Plus, I think that they feel as if they can influence the network ratings and hopefully have a better run here than NBC has had as of late and that will benefit the cash flow pretty significantly for their television stations and clearly benefit the affiliate group as well.

So, again, as we’ve said in the past, we’re optimistic about their ownership underneath the construct that they’ve put forward.

With regard to the NBC JV, yes, we’re anxious to have a conversation with the new owners. We don’t know that much will change given Comcast ownership, the structure as we’ve said in the past, doesn’t call for any change. There’s no ability to change anything pursuant to a change in ownership of either company. It’s pretty well locked down.

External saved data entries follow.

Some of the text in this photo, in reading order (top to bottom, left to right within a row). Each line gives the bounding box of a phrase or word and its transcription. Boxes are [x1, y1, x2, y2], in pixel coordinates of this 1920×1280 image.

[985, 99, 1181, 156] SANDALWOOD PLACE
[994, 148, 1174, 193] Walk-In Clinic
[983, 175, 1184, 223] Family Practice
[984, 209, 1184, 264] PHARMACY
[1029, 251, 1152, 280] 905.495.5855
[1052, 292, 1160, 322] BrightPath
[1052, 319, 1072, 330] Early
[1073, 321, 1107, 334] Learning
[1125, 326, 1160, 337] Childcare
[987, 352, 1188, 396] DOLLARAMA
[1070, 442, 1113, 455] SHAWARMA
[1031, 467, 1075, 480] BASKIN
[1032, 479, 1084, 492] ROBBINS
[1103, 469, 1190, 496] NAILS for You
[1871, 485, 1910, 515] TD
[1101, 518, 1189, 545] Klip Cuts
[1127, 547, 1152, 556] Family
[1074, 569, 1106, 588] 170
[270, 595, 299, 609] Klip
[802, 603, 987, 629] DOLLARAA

But we constantly have conversations with NBC about the operation and I think the key is whatever ultimately transpires with the joint venture, it’s a good thing that the industry experiences a pretty significant recovery and that the cash flow for the joint venture has increased pretty significantly as well.

Rich Schmaeling

And to add that the one thing that is significant for the joint venture is that subsequent to the closing of this merger, we do expect that NBC will join its peers and jump in to the retransmission consent fee gain. And that – the joint venture has, its affiliation agreement with NBC goes out for 2023. So, 100% of the retrans consent fees will benefit the joint venture and we think that could be quite significant in short order and really bodes well for the joint venture getting above water and staying there and generating significant, we hope, excess cash flow out into the future.

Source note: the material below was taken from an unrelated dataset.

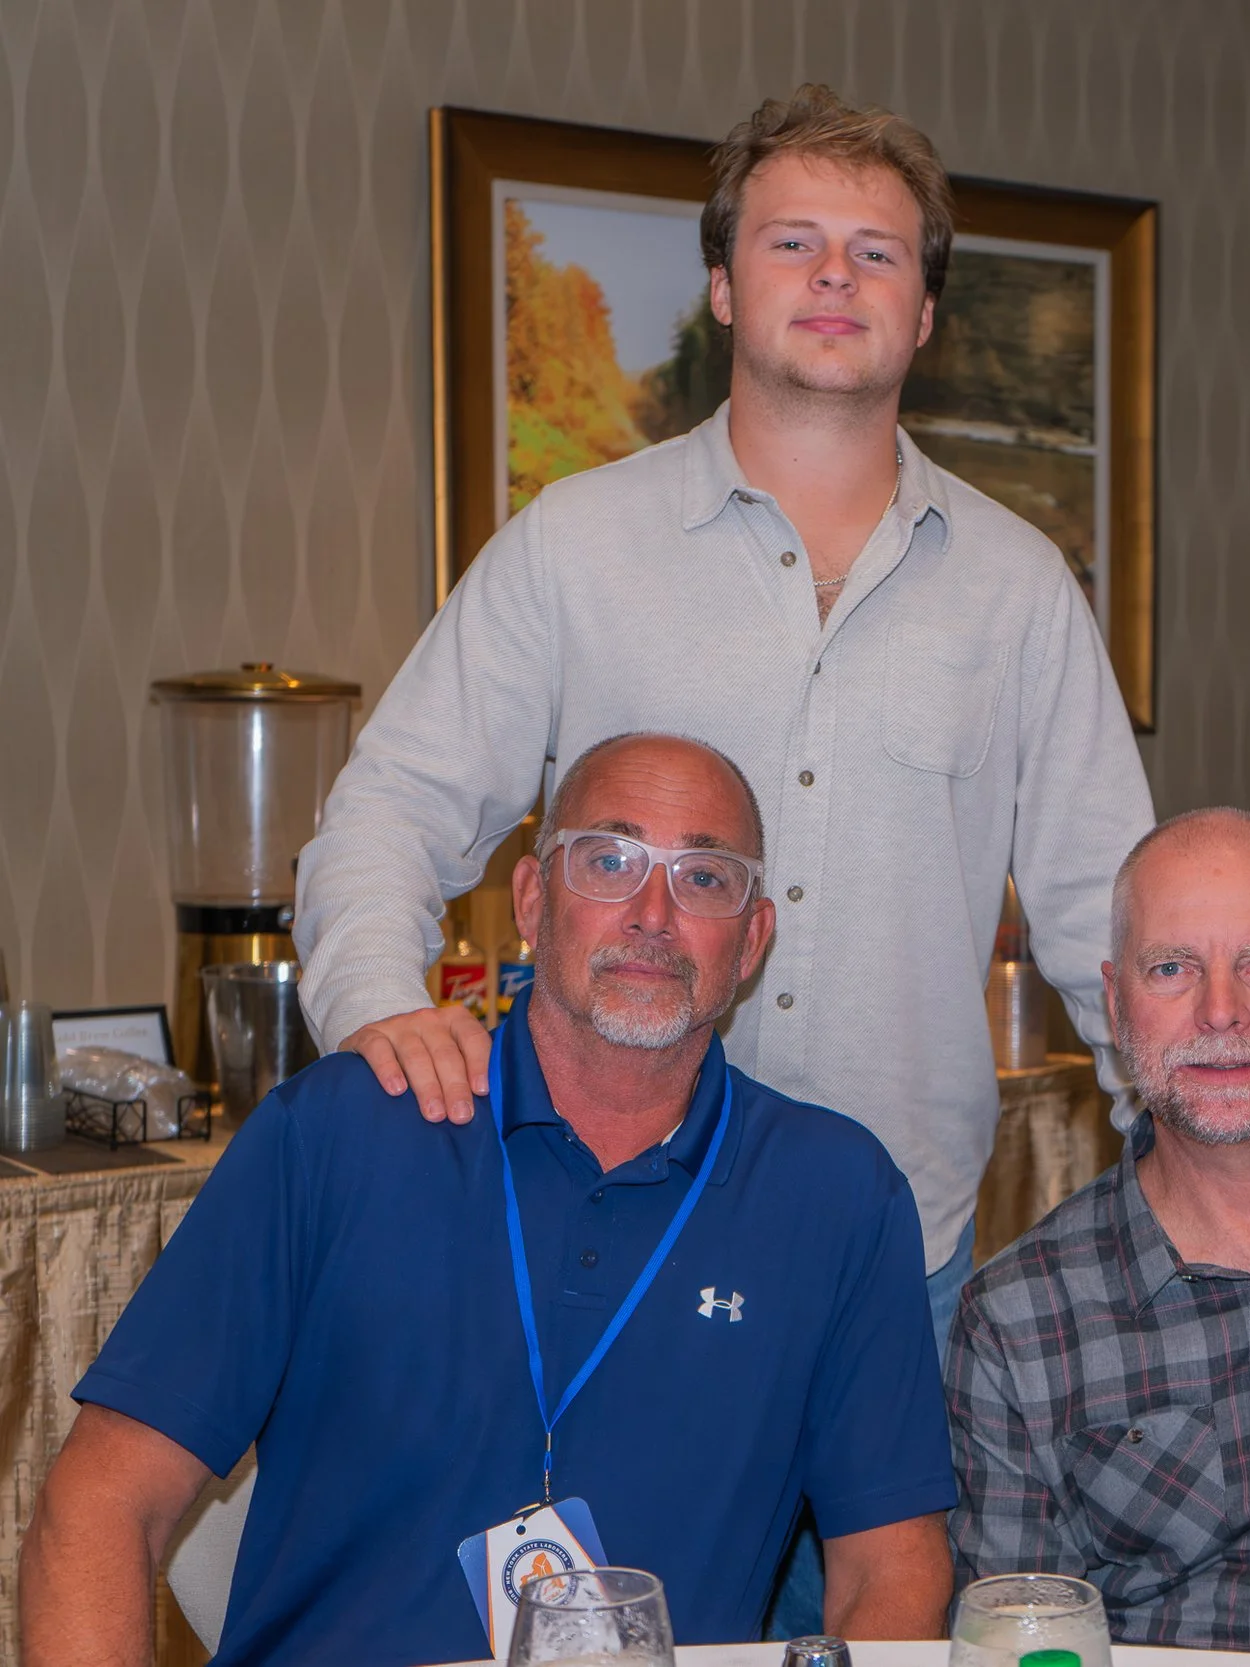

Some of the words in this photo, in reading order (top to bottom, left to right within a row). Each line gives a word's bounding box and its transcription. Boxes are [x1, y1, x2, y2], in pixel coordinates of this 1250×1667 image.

[508, 1554, 520, 1568] YORK
[519, 1543, 538, 1554] STATE
[540, 1543, 569, 1562] LABORERS

Barry Lucas – Gabelli & Company

Great. Thanks for that color, Rich.

Operator

We’ll take our next question from Harry DeMott with Knighthead Capital.

Harry DeMott – Knighthead Capital Management

Hey, guys. Quick questions. Could you talk just a little bit about the political? You said it was sort of a slow start to the political and some. Is that just more of a race by race, market by market thing because obviously, you have leading stations in your markets. And some guys have killed it on political, some have been a little slower, and yet it seems to have ramped up dramatically here in the last month. Could you just give us a little more flavor on that?

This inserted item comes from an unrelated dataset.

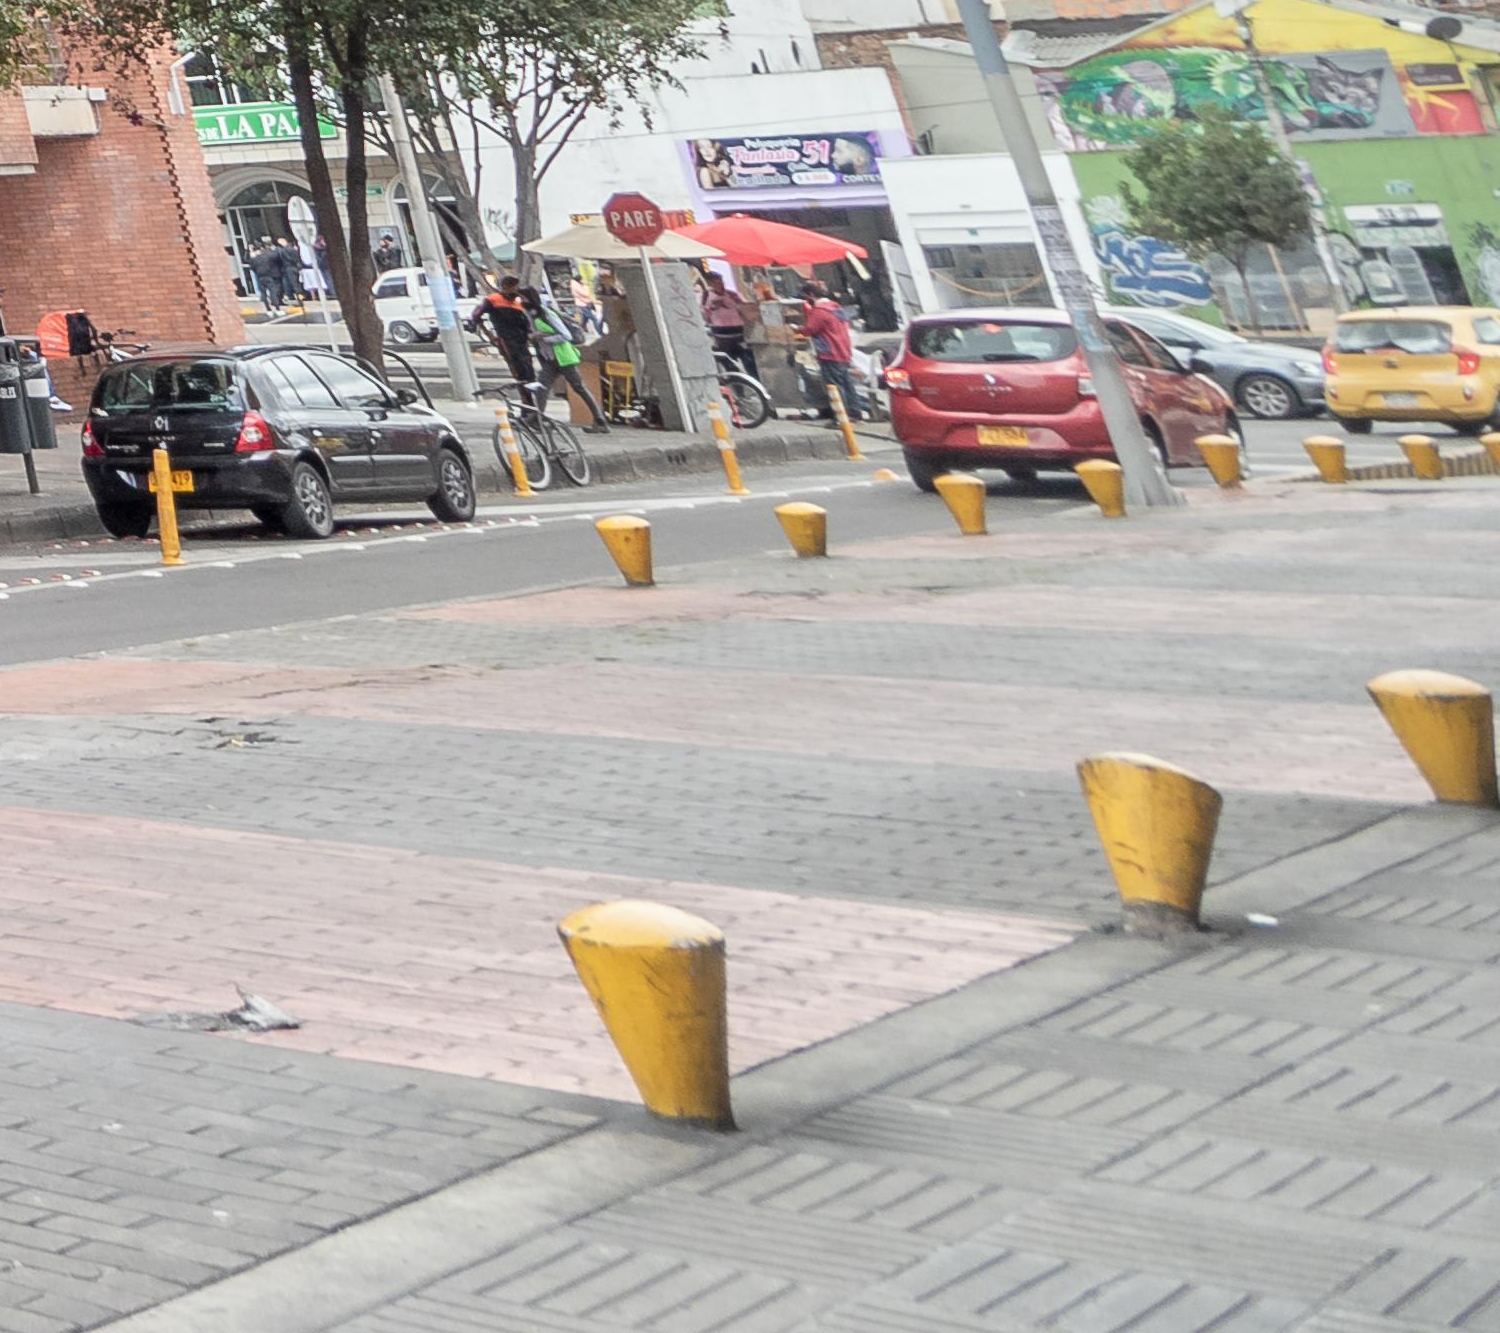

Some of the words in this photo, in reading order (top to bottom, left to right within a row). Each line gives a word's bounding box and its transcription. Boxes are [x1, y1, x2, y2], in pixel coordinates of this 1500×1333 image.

[216, 115, 257, 140] LA
[802, 139, 830, 165] 51
[610, 210, 657, 229] PARE

And then I’d love your – since you’re talking about the Open Mobile Video Coalition, I’d love, Vince, your commentary just on where you think you’re going to end up going with that, ultimately. What’s your take on something like a TV Everywhere, where obviously you don’t control all of your programming, but you do control a lot of your local programming. And sort of wondering what you’re doing, what steps you’re taking, and how you view sort of the distribution of local programming to different devices, iPads, computers, iPhones, et cetera, et cetera, et cetera. Thanks.

Scott Blumenthal

As far as political is concern, absolutely, it’s a race by race and market by market situation. Some Republican candidates have had been a lot raising funds than others, so they’re making sure that it’s being spent on the most effective manner. Typically that’s television, that’s why we’re seeing such money being committed towards the end of the campaign here.

But in all reality, they’re looking at the polls very closely. And where there is substantial leads and they think they’re going to win or they think they’re going to lose, the money is being shuffled to other races and other places that they have a better chance to win. So, it’s fluctuating greatly and in markets that we thought we’re going to be very strong because the polls have indicated that there’s not a competitive race, the money has been pulled back.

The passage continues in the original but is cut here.